Exercise objective
The records that follow must be repeated exactly, minus the images.

Data for analysis
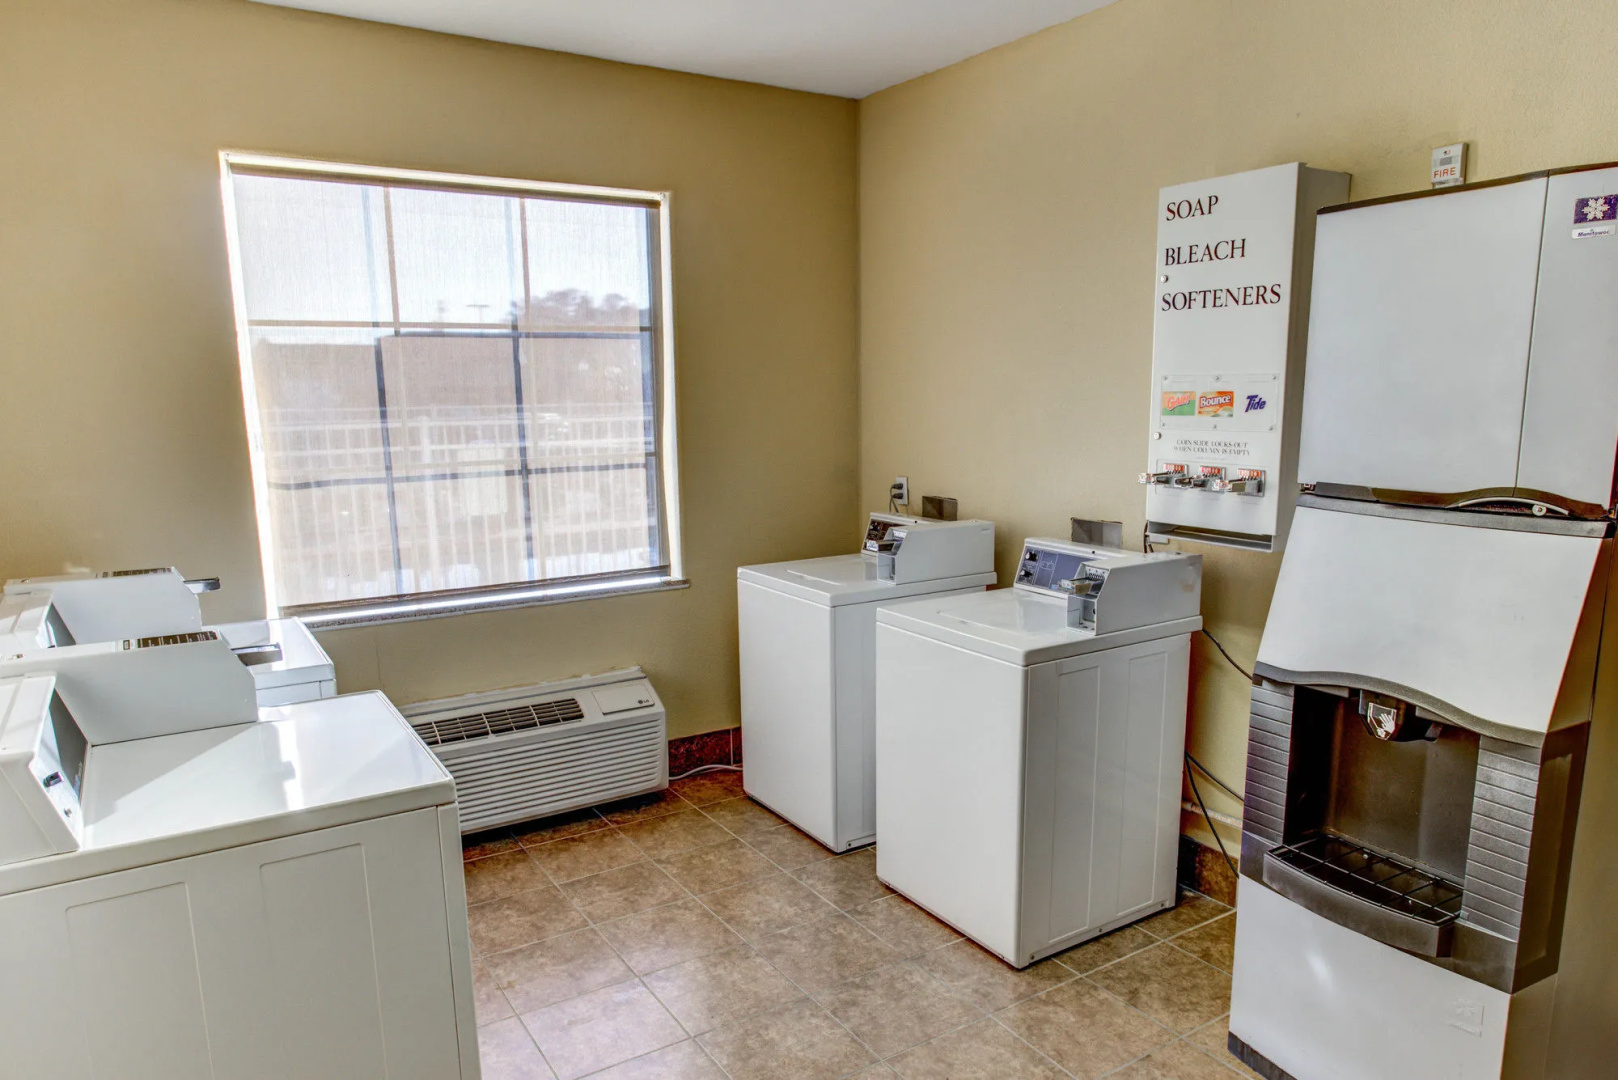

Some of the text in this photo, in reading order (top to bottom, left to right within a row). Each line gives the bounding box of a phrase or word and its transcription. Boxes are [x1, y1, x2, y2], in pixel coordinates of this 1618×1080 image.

[1433, 166, 1456, 179] FIRE
[1166, 194, 1219, 222] SOAP
[1164, 237, 1247, 266] BLEACH
[1161, 283, 1282, 312] SOFTENERS
[1199, 394, 1231, 408] Bounce
[1244, 394, 1267, 413] Tide
[1193, 446, 1220, 454] COLUMN

Answer section
Some of the text in this photo, in reading order (top to bottom, left to right within a row). Each line gives the bounding box of a phrase or word and its transcription. Boxes are [x1, y1, x2, y2], in pixel coordinates of this 1618×1080 image.

[1433, 166, 1456, 179] FIRE
[1166, 194, 1219, 222] SOAP
[1164, 237, 1247, 266] BLEACH
[1161, 283, 1282, 312] SOFTENERS
[1199, 394, 1231, 408] Bounce
[1244, 394, 1267, 413] Tide
[1193, 446, 1220, 454] COLUMN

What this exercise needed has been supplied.